Lorenza Böttner. Colección privada (gentileza del Württembergischer Kunstverein Stuttgart, en el contexto de la exposición Réquiem por la norma)

Tanto los problemas de financiamiento como los de validación entre los entendidos se solucionaron cuando Paul B. Preciado fue nombrado curador de documenta 14, el prestigioso encuentro alemán de arte que tiene lugar en Kassel, y que por primera vez en 2017 se realizó también en Atenas. “El proyecto fue acogido con entusiasmo por su director, Adam Szymczyk, y después por todo el equipo de asistentes que colaboraron conmigo para preparar la exposición —cuenta—. Mi reto, entonces, fue articular una narración, un relato curatorial que restaurara la posibilidad de que el trabajo de Lorenza fuera entendido como arte, arte performativo, pintura, fotografía; no como terapia ocupacional de una persona supuestamente discapacitada”.

En paralelo, Preciado fue reconstruyendo la vida de Böttner, y así encontró un número de la revista Mampato de noviembre de 1973 —editada entonces por Isabel Allende—, en el que se publicó una nota sobre ella titulada “Un muchacho ejemplar”. “(Ernst) apareció un día en la oficina a entregar sus dibujos como colaboración a la revista. Estaba de paso en Santiago con su mamá, ya que en pocos días más tomaría un avión que lo llevaría a Alemania”, se lee en el texto, donde se apunta que por entonces cursaba octavo básico en el Colegio Alemán de Punta Arenas. Ese viaje, con el que pretendía acceder a terapias especializadas, fue un trayecto sin retorno: Lorenza Böttner volvió a Chile apenas un par de veces, de manera muy breve, antes de morir.

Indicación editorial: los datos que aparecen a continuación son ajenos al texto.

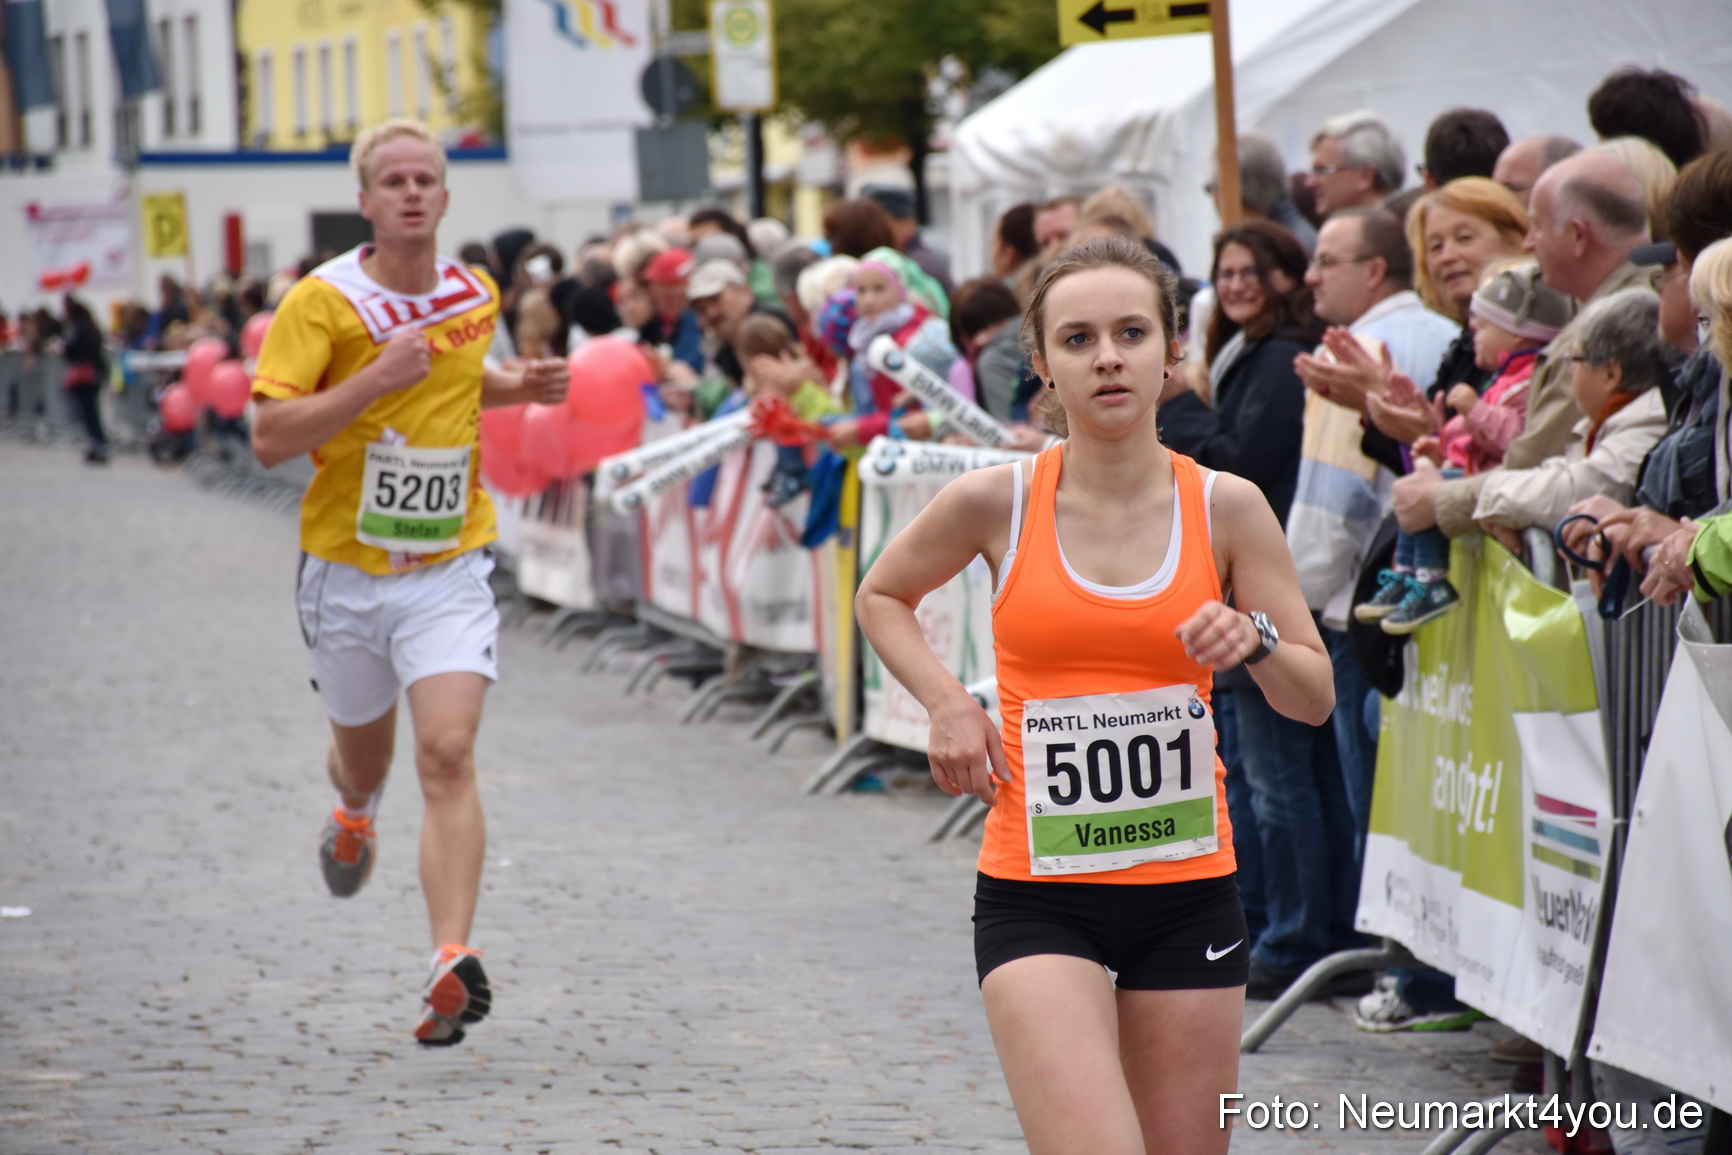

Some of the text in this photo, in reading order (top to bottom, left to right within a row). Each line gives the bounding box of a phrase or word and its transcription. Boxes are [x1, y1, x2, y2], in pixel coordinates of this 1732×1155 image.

[375, 470, 462, 513] 5203
[393, 521, 441, 539] Stefan
[1026, 705, 1182, 733] PARTL Neumarkt
[1045, 728, 1192, 806] 5001
[1074, 816, 1176, 848] Vanessa
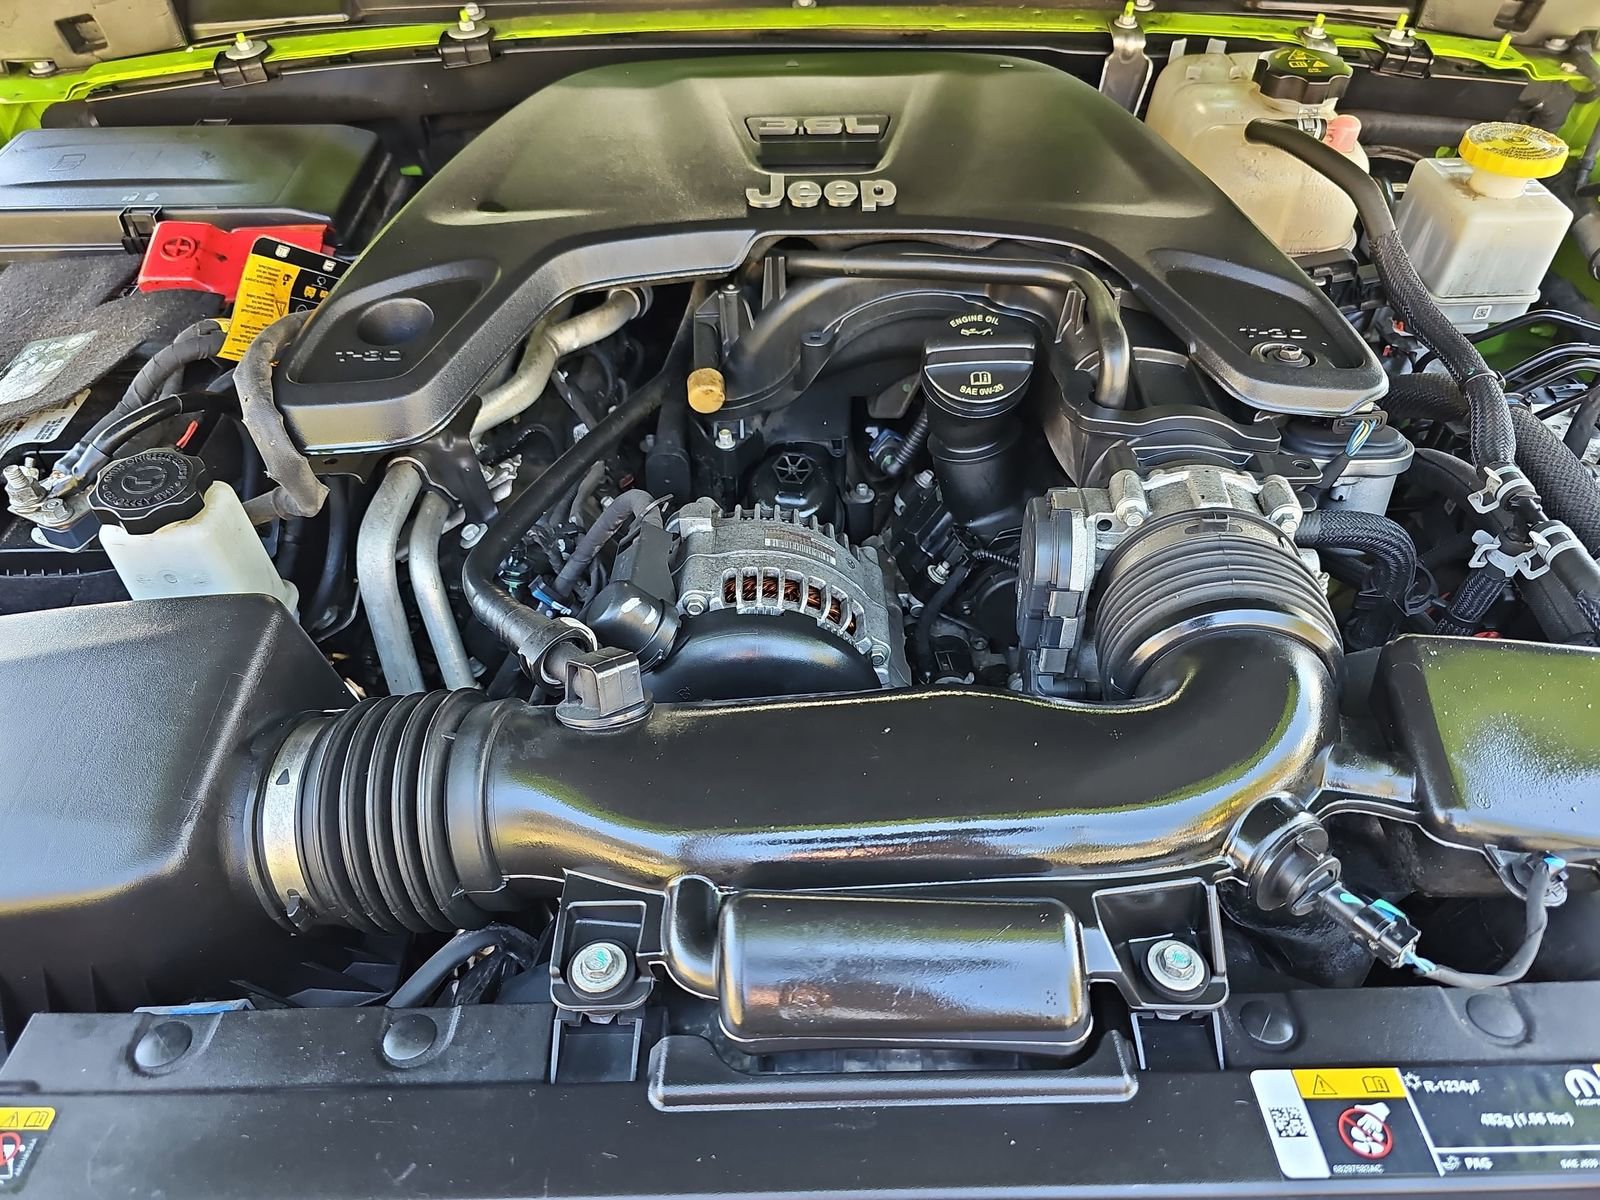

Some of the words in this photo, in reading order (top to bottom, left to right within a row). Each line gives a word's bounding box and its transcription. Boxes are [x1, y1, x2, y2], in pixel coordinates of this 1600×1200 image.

[745, 174, 897, 212] Jeep
[949, 314, 983, 328] ENGINE
[985, 315, 999, 326] OIL
[959, 385, 978, 396] SAE
[979, 383, 1004, 395] 0W-20
[1423, 1079, 1481, 1096] R-1234yf

En su crónica, Lemebel cuenta que a pesar de haber hecho una performance en Santiago, pasó casi desapercibida en el ambiente cultural local: “La acción de Lorenza en Chile se realizó una calurosa tarde de domingo en la galería Bucci, ante un escaso público y la mirada ociosa de las parejas que salen a vitrinear los días festivos. Alguien preguntó si era parte de la Teletón, y lo hicieron callar mientras la bella manca proyectaba su sombra etrusca en los muros de la galería (…). Al pasar por un regimiento, los milicos de guardia le tiraron besos y algo le gritaron. Y ella, sin incomodarse, abrió de par en par su capa y les contestó que bueno, pero de a uno”.

Entre los chilenos que la conocieron, según la crónica de Loco afán, estaba el artista Mario Soro, quien entabló una amistad con ella cuando fue a Alemania en 1989 (ver recuadro). Pero más allá de anécdotas de este tipo, se sabe poco de su relación con Chile. De la lectura de Estrella distante se podría deducir que su nombre era conocido entre los escritores y artistas chilenos en Europa como el propio Bolaño, quien en la voz de su alter-ego, Arturo Belano, habla sobre los días en que Lorenza fue Petra: “Por aquel entonces yo estaba internado en el Hospital Valle Hebrón de Barcelona con el hígado do hecho polvo y me enteraba de sus triunfos, de sus chistes, de sus anécdotas, leyendo dos o tres periódicos diariamente. A veces, leyendo sus entrevistas, me daban ataques de risa. Otras veces me ponía a llorar. También lo vi en la televisión. Hacía muy bien su papel”.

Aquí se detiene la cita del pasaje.